→ **Work to complete**
The copy must match the data below line for line and contain no images.
:::
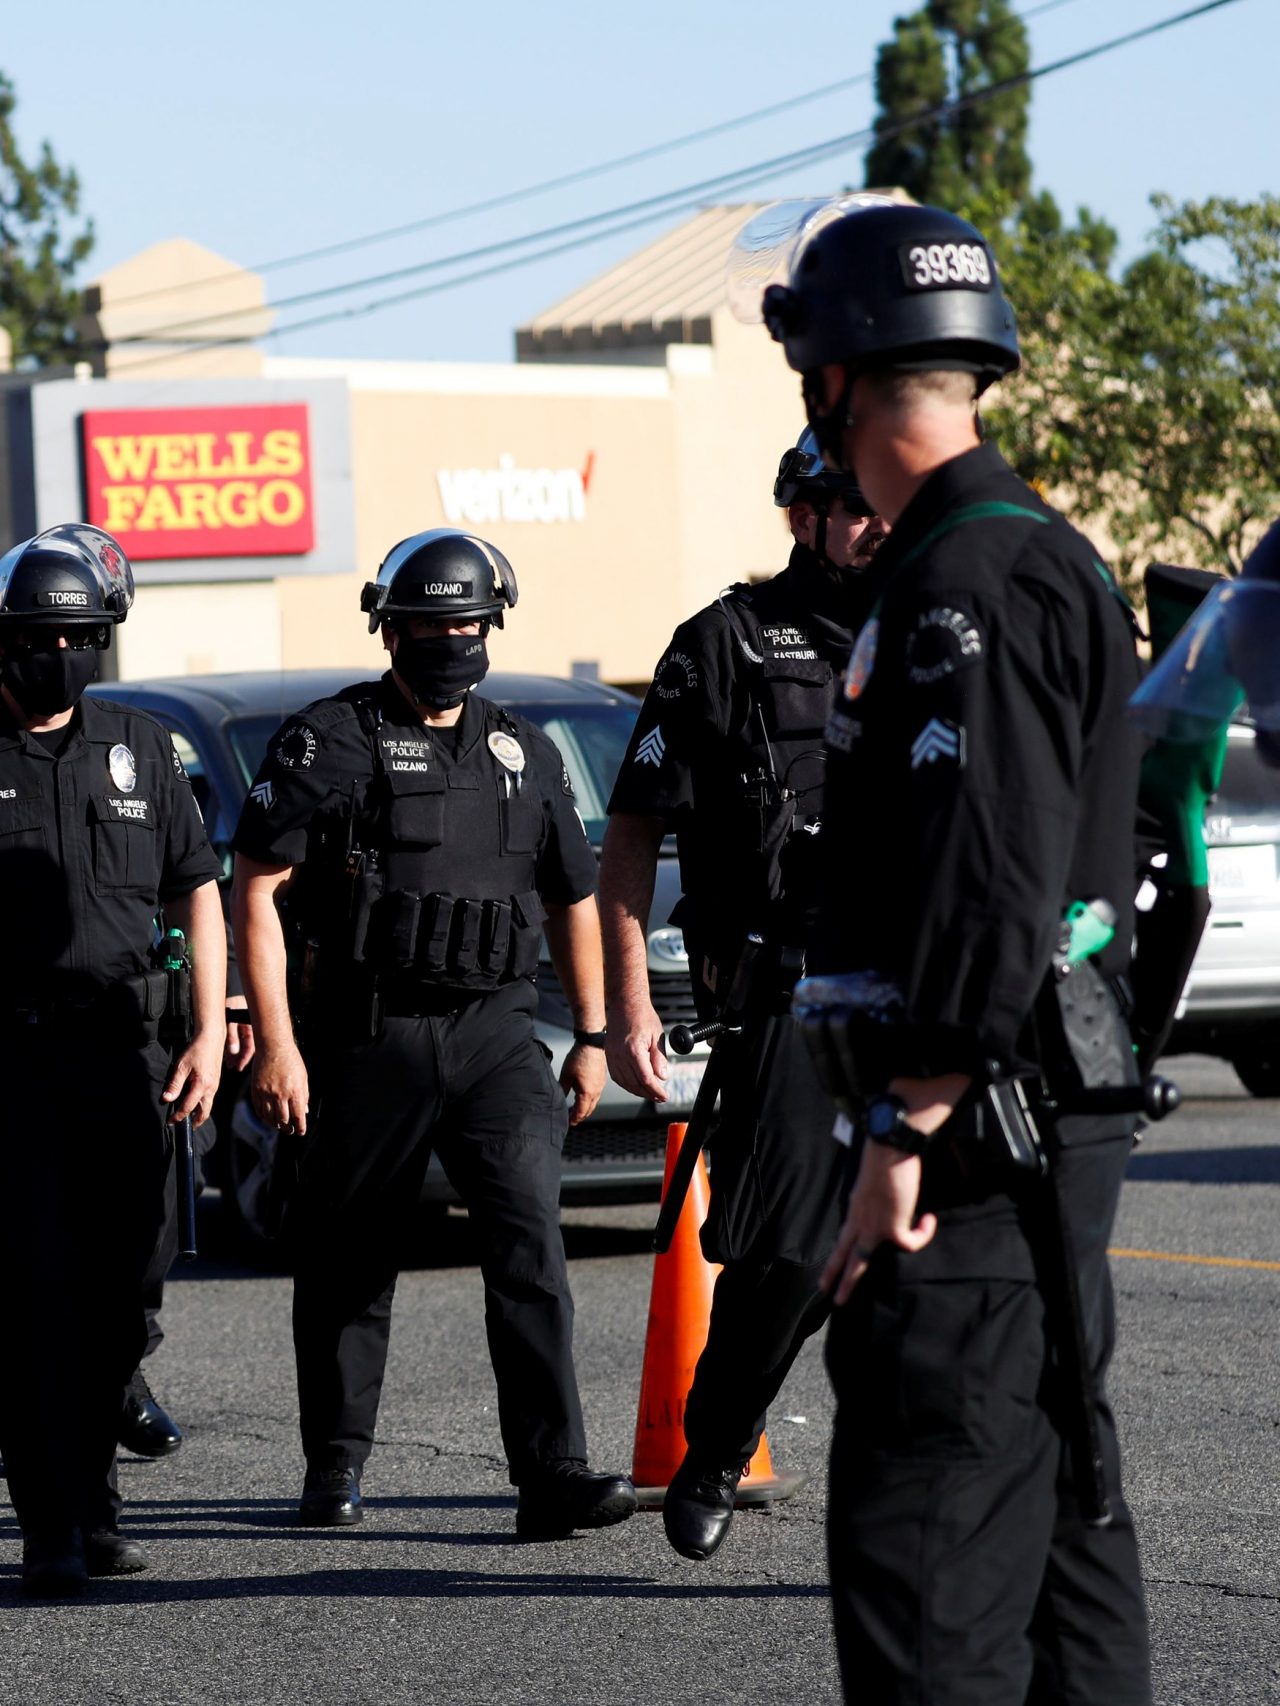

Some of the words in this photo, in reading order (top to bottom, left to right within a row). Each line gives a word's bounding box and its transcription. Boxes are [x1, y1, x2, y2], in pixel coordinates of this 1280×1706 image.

[909, 243, 991, 286] 39369
[91, 429, 304, 482] WELLS
[436, 452, 586, 523] verizon
[101, 478, 305, 532] FARGO
[425, 583, 463, 595] LOZANO
[48, 592, 88, 605] TORRES
[763, 629, 781, 638] LOS
[772, 635, 810, 646] POLICE
[774, 650, 818, 660] EASTBURN
[669, 651, 698, 688] ANGELES
[656, 685, 681, 699] POLICE
[298, 726, 316, 767] ANGELES
[382, 740, 398, 748] LOS
[398, 741, 429, 750] ANGELES
[390, 748, 425, 757] POLICE
[392, 761, 428, 772] LOZANO
[109, 799, 123, 807] LOS
[123, 800, 148, 810] ANGELES
[117, 807, 147, 820] POLICE
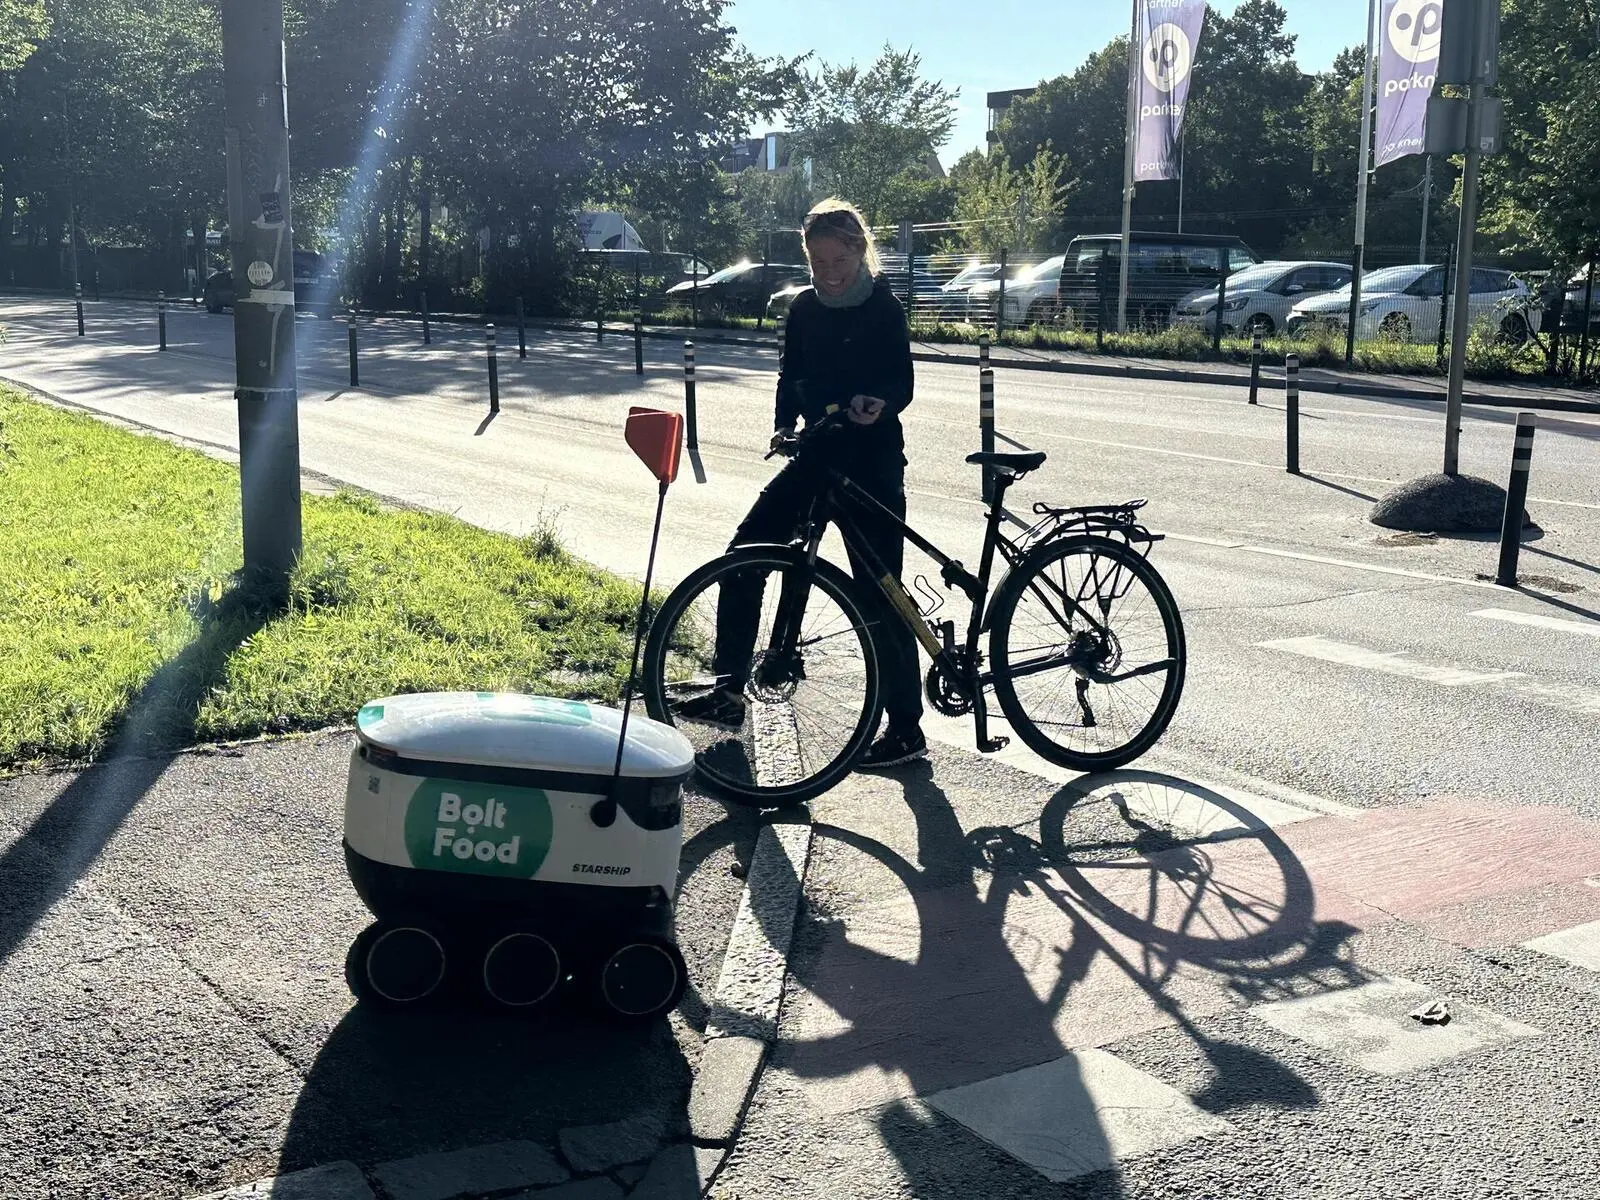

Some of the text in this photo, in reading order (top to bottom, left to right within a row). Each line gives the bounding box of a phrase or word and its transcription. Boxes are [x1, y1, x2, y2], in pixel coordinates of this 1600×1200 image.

[438, 793, 507, 828] Bolt
[433, 828, 519, 865] Food
[571, 862, 631, 877] STARSHIP
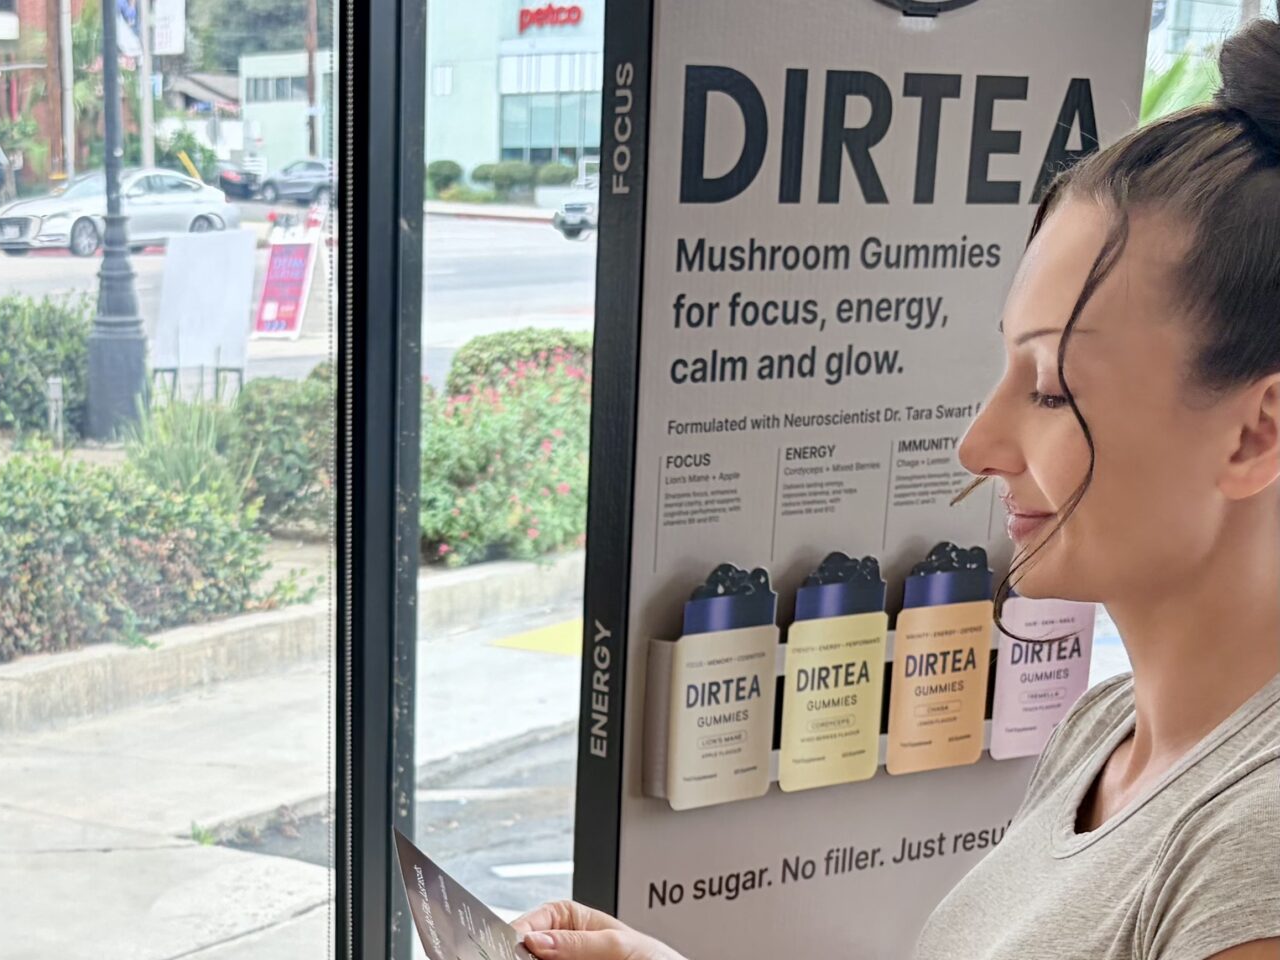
:::
→ **Task response**
Some of the words in this photo, in reading order (top to bottom, left to right within a row). Each line gives a word's bounding box and its transcription. Boxes are [x1, y1, x2, y2], in pixel coordinates of this 1280×1706 image.

[909, 243, 991, 286] 39369
[91, 429, 304, 482] WELLS
[436, 452, 586, 523] verizon
[101, 478, 305, 532] FARGO
[425, 583, 463, 595] LOZANO
[48, 592, 88, 605] TORRES
[763, 629, 781, 638] LOS
[772, 635, 810, 646] POLICE
[774, 650, 818, 660] EASTBURN
[669, 651, 698, 688] ANGELES
[656, 685, 681, 699] POLICE
[298, 726, 316, 767] ANGELES
[382, 740, 398, 748] LOS
[398, 741, 429, 750] ANGELES
[390, 748, 425, 757] POLICE
[392, 761, 428, 772] LOZANO
[109, 799, 123, 807] LOS
[123, 800, 148, 810] ANGELES
[117, 807, 147, 820] POLICE

Some of the text in this photo, in reading order (top to bottom, left to right within a row). Each line gives the bounding box of a phrase or word and its transcription. Boxes are [x1, y1, x2, y2], in pixel coordinates of this 1600×1200 image.

[438, 793, 507, 828] Bolt
[433, 828, 519, 865] Food
[571, 862, 631, 877] STARSHIP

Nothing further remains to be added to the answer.